16-bit Shifts on Z80 - chilliant.com

One would think that 16-bit, unsigned, binary shifts on a Z80 microprocessor would be as trivial as it comes. But my work on Easter calculations made me realise just how little has been actually written down about optimising Z80 code for even the simplest of cases. So here's a quick guide; alas, probably thirty years too late!

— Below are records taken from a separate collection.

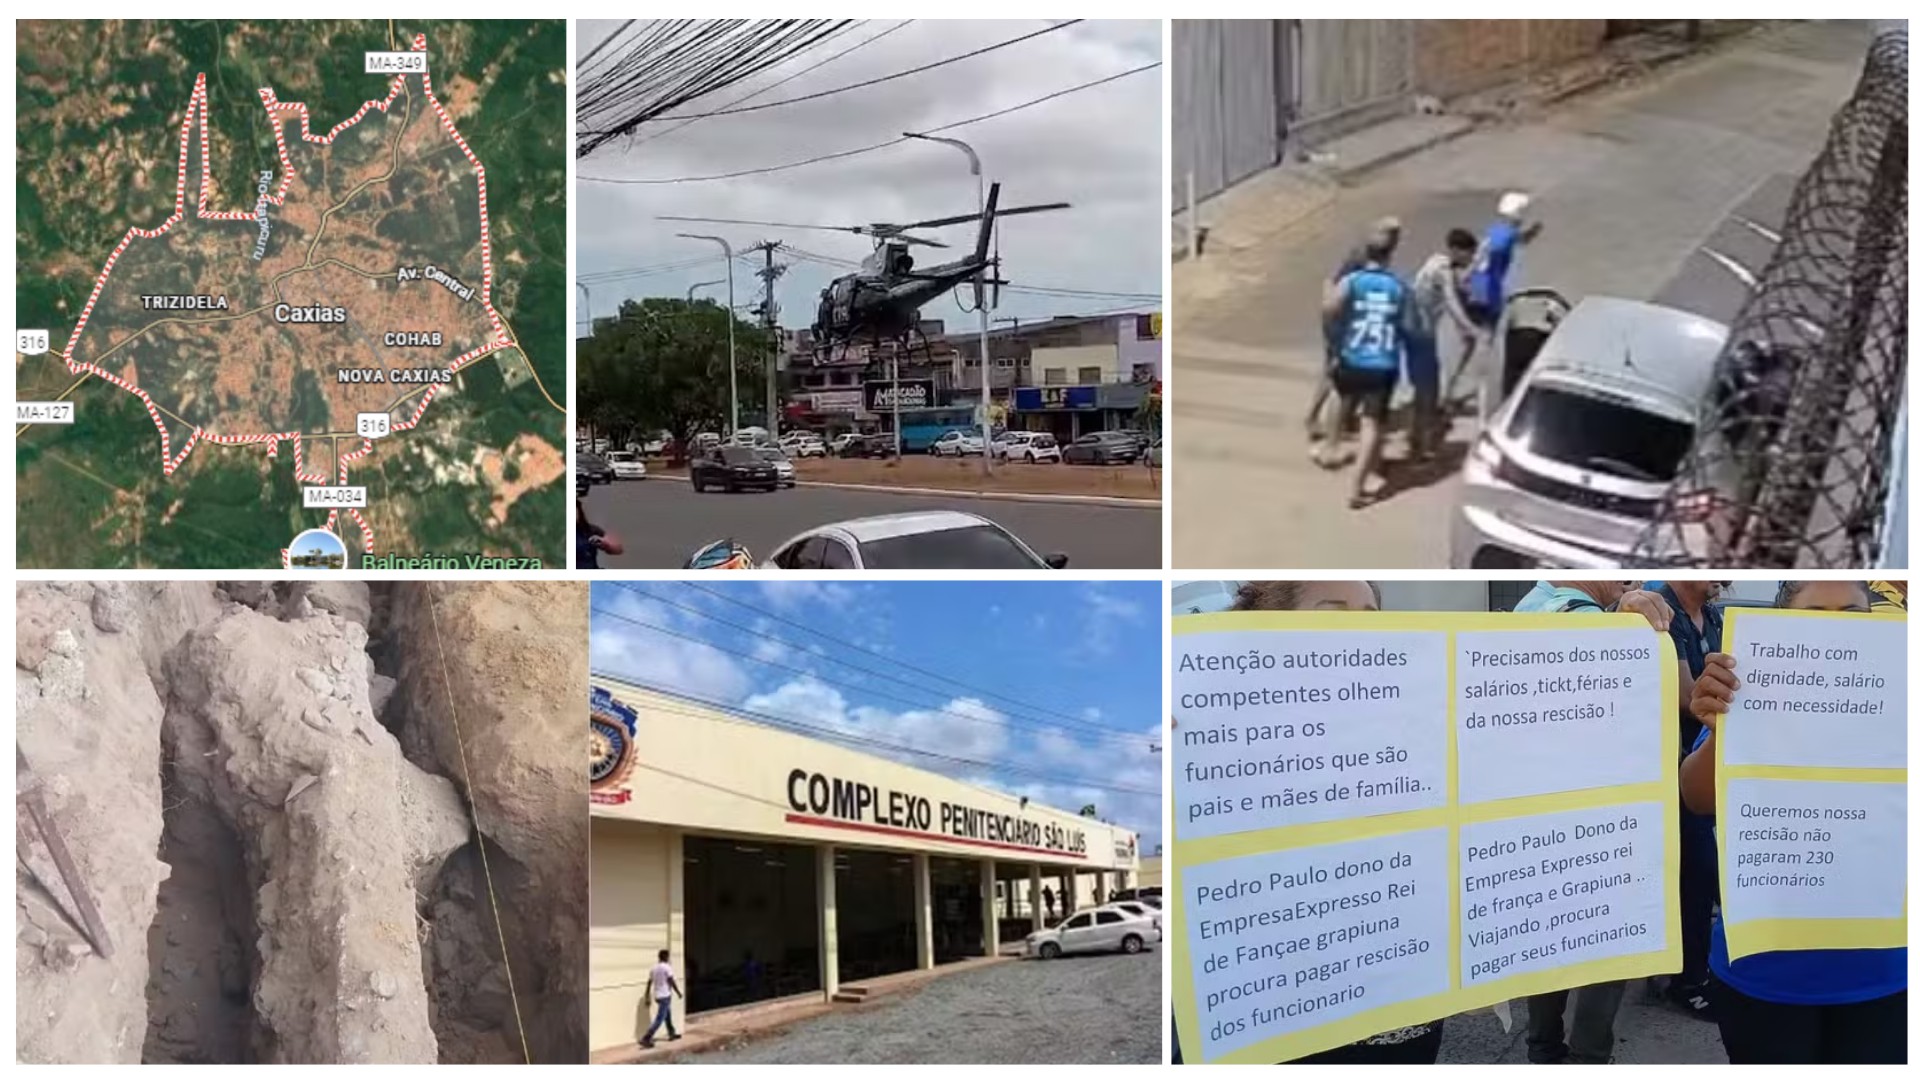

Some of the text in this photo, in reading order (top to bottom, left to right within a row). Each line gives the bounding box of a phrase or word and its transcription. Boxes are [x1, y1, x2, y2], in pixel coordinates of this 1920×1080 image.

[369, 56, 422, 70] MA-349
[258, 171, 273, 194] Rio
[397, 264, 474, 301] Av. Central
[142, 295, 228, 310] TRIZIDELA
[275, 303, 346, 324] Caxias
[20, 335, 46, 349] 316
[384, 332, 442, 347] COHAB
[338, 369, 452, 383] NOVA CAXIAS
[16, 406, 69, 420] MA-127
[360, 419, 386, 433] 316
[309, 489, 362, 503] MA-034
[362, 553, 542, 570] Balneário Veneza
[1178, 647, 1408, 675] Atenção autoridades
[1568, 646, 1596, 663] dos
[1600, 647, 1651, 662] nossos
[1749, 642, 1858, 662] Trabalho com
[1465, 679, 1529, 699] salários
[1622, 676, 1632, 689] e
[1746, 668, 1885, 690] dignidade, salário
[1180, 681, 1400, 711] competentes olhem
[1743, 698, 1884, 715] com necessidade!
[1465, 711, 1486, 730] da
[1491, 711, 1538, 727] nossa
[1542, 702, 1605, 723] rescisão
[1184, 722, 1326, 747] mais para os
[1184, 745, 1408, 783] funcionários que são
[787, 769, 931, 830] COMPLEXO
[940, 802, 1041, 847] PENITENCIÁRIO
[1045, 821, 1064, 850] SÃO
[1188, 795, 1234, 824] pais
[1240, 796, 1254, 812] e
[1261, 787, 1319, 810] mães
[1324, 782, 1350, 802] de
[1740, 803, 1866, 821] Queremos nossa
[1467, 815, 1638, 863] Pedro Paulo Dono da
[1739, 826, 1832, 842] rescisão não
[1465, 841, 1633, 893] Empresa Expresso rei
[1737, 850, 1834, 869] pagaram 230
[1197, 851, 1412, 906] Pedro Paulo dono da
[1736, 871, 1825, 889] funcionários
[1388, 879, 1415, 901] Rei
[1467, 903, 1488, 921] de
[1491, 891, 1544, 915] frança
[1547, 888, 1558, 901] e
[1561, 872, 1632, 898] Grapiuna
[1467, 917, 1541, 948] Viajando
[1203, 952, 1229, 974] de
[1317, 916, 1400, 950] grapiuna
[1470, 922, 1647, 980] pagar seus funcinarios
[1207, 938, 1430, 1011] procura pagar rescisão
[1210, 984, 1365, 1042] dos funcionario

The reason these shifts aren't obvious is because of the inherent asymmetry in the Z80 processor. Although it has a fairly orthogonal 8-bit ALU, its 16-bit (address) pipeline only has a simple adder. Multiplying HL by two (a left shift) is trivial: ADD HL, HL. Shifting right is a whole can of worms; to shift a 16-bit quantity to the right, it is sometimes quicker (and/or shorter) to shift/rotate left and adjust.

The following are routines that I believe are either the fastest or shortest to achieve the shifts. Optimal alternatives are given for preserving other registers, where necessary. Flags on exit are undefined.

Many thanks to Eric Fry for pointing out a couple of mistakes I made on a previous version of this page.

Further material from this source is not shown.